Compared to DrumMania, Guitar Freaks (GF) is quite easy to pick up. There are only three buttons to hit and you always use just one hand. You do have to be VERY fast with your strumming, and there are usually more actual beats per song than other Bemani games, but it's a much more friendly curve than DM. It feels a lot like you're playing a real guitar, but the fact that there are only three "frets" and only one "string" makes this a pretty simplified instrument.
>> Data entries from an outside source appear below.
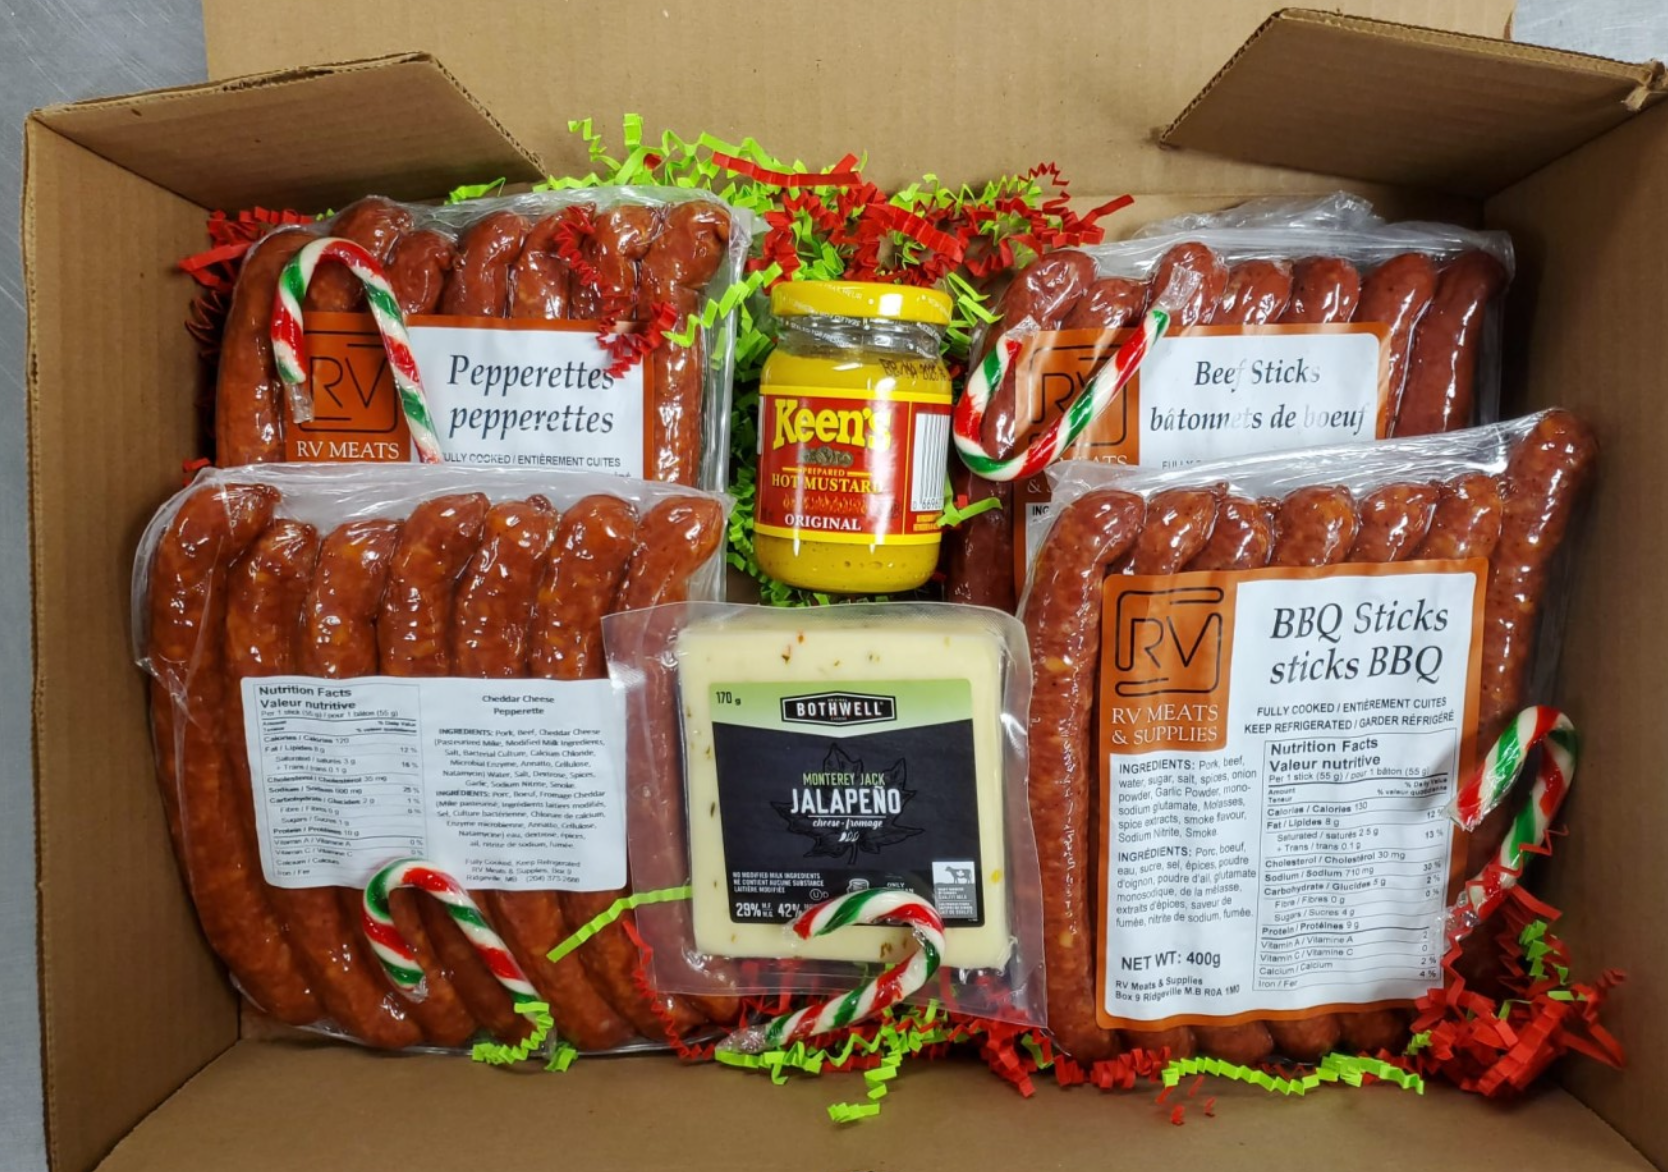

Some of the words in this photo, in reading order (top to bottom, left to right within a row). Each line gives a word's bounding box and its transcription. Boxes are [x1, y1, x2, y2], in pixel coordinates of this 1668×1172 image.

[446, 354, 615, 398] Pepperettes
[1194, 359, 1247, 393] Beef
[1251, 358, 1321, 385] Sticks
[448, 406, 614, 441] pepperettes
[772, 398, 892, 451] Keen's
[1270, 404, 1296, 430] de
[1304, 404, 1371, 437] boeuf
[296, 441, 323, 459] RV
[329, 442, 400, 460] MEATS
[442, 452, 468, 463] ULLY
[469, 454, 511, 465] COOKED
[772, 473, 799, 489] HOT
[785, 514, 862, 531] ORIGINAL
[1270, 602, 1344, 643] BBQ
[1353, 598, 1449, 635] Sticks
[1270, 647, 1359, 685] sticks
[1367, 644, 1444, 685] BBQ
[259, 686, 314, 697] Nutrition
[318, 687, 352, 698] Facts
[482, 695, 520, 703] Cheddar
[522, 695, 555, 704] Cheese
[716, 692, 733, 705] 170
[734, 698, 742, 706] g
[260, 699, 302, 709] Valeur
[306, 700, 356, 710] nutritive
[494, 708, 545, 717] Pepperette
[796, 702, 882, 717] BOTHWELL
[1257, 706, 1290, 717] FULLY
[1292, 703, 1335, 715] COOKED
[1413, 696, 1447, 709] CUITES
[1112, 708, 1142, 725] RV
[1148, 704, 1219, 723] MEATS
[1244, 723, 1272, 734] KEEP
[1274, 720, 1352, 734] REFRIGERATED
[1359, 715, 1399, 729] GARDER
[1402, 710, 1454, 726] RÉFRIGÉRÉ
[1112, 730, 1129, 745] &
[1133, 726, 1218, 745] SUPPLIES
[1270, 740, 1336, 756] Nutrition
[1342, 738, 1378, 752] Facts
[1119, 759, 1195, 775] INGREDIENTS:
[1198, 760, 1220, 771] Pork,
[1223, 755, 1245, 767] beef,
[1270, 758, 1318, 772] Valeur
[1322, 754, 1381, 770] nutritive
[802, 772, 855, 786] MONTEREY
[860, 772, 886, 786] JACK
[1148, 774, 1174, 786] sugar,
[1178, 774, 1197, 785] salt,
[1232, 769, 1257, 780] onion
[790, 786, 901, 814] JALAPEÑO
[1118, 791, 1153, 804] powder,
[1155, 786, 1182, 797] Garlic
[1184, 786, 1221, 798] Powder,
[1224, 784, 1251, 794] mono-
[1118, 805, 1150, 816] sodium
[1152, 801, 1200, 814] glutamate,
[1267, 806, 1304, 817] Calories
[1312, 804, 1351, 814] Calories
[1118, 820, 1143, 832] spice
[1184, 814, 1215, 825] smoke
[1266, 821, 1281, 830] Fat
[1288, 818, 1322, 829] Lipides
[1118, 831, 1151, 844] Sodium
[1154, 828, 1182, 839] Nitrite,
[1118, 846, 1192, 862] INGRÉDIENTS:
[1220, 842, 1246, 854] boeuf,
[1118, 866, 1138, 877] eau,
[1140, 864, 1164, 874] sucre,
[1219, 856, 1249, 868] poudre
[1264, 872, 1299, 883] Sodium
[1306, 868, 1343, 878] Sodium
[1158, 874, 1189, 885] poudre
[1214, 869, 1257, 883] glutamate
[1180, 888, 1192, 897] de
[1194, 888, 1203, 897] la
[735, 902, 762, 918] 29%
[1116, 903, 1148, 915] extraits
[1191, 900, 1220, 911] saveur
[1221, 896, 1233, 906] de
[1148, 914, 1172, 925] nitrite
[1174, 912, 1185, 922] de
[1188, 910, 1222, 924] sodium,
[1224, 907, 1254, 919] fumée.
[1121, 956, 1152, 971] NET
[1155, 950, 1182, 968] WT:
[1186, 952, 1221, 969] 400g
[1116, 980, 1129, 990] RV
[1132, 981, 1156, 991] Meats
[1166, 976, 1203, 987] Supplies
[1116, 990, 1132, 1001] Box
[1135, 993, 1141, 1002] 9
[1143, 986, 1182, 1002] Ridgeville
What's new for the new mixes? Well, you now have three modes to choose from: Standard, Nonstop, and Bonus Track. In standard you get 3 songs and your performance meter is reset after each song. In Nonstop you get to choose 4 songs up front, but your mistakes are cumulative, leaving less room for error. You can chose from Order (where you pick 4 of your own songs), Random, or Official (where you pick a "theme" group). Bonus Track is one extra-long 5-minute song. Aside from these changes and a couple dozen new songs, the games play identically to previous versions (they actually use the same arcade machines with new electronic boards and graphics).

The song selection for these games is quite amazing. While DDR and Para Para Paradise focus entirely on dance/techno/j-pop songs, DM and GF feature jazz, ska, surf rock, pop, metal, rock, and even a little country. This diversity allows for songs to fit anyone's taste. They even have such American hits as "Born to be Wild," "You Give Love a Bad Name," and "The Power of Love." For newbies to the games, I recommend "Train Train," "Depend on You," and "Spring."

It's unlikely at this point that DrumMania and GuitarFreaks will break out of their very small niche in America the way that DDR did, but if you're a fan of music games and can track them down, there's a good chance you'll become addicted. So all you wanna-be musicians, put away those pots and pans and air guitars and get to the arcade!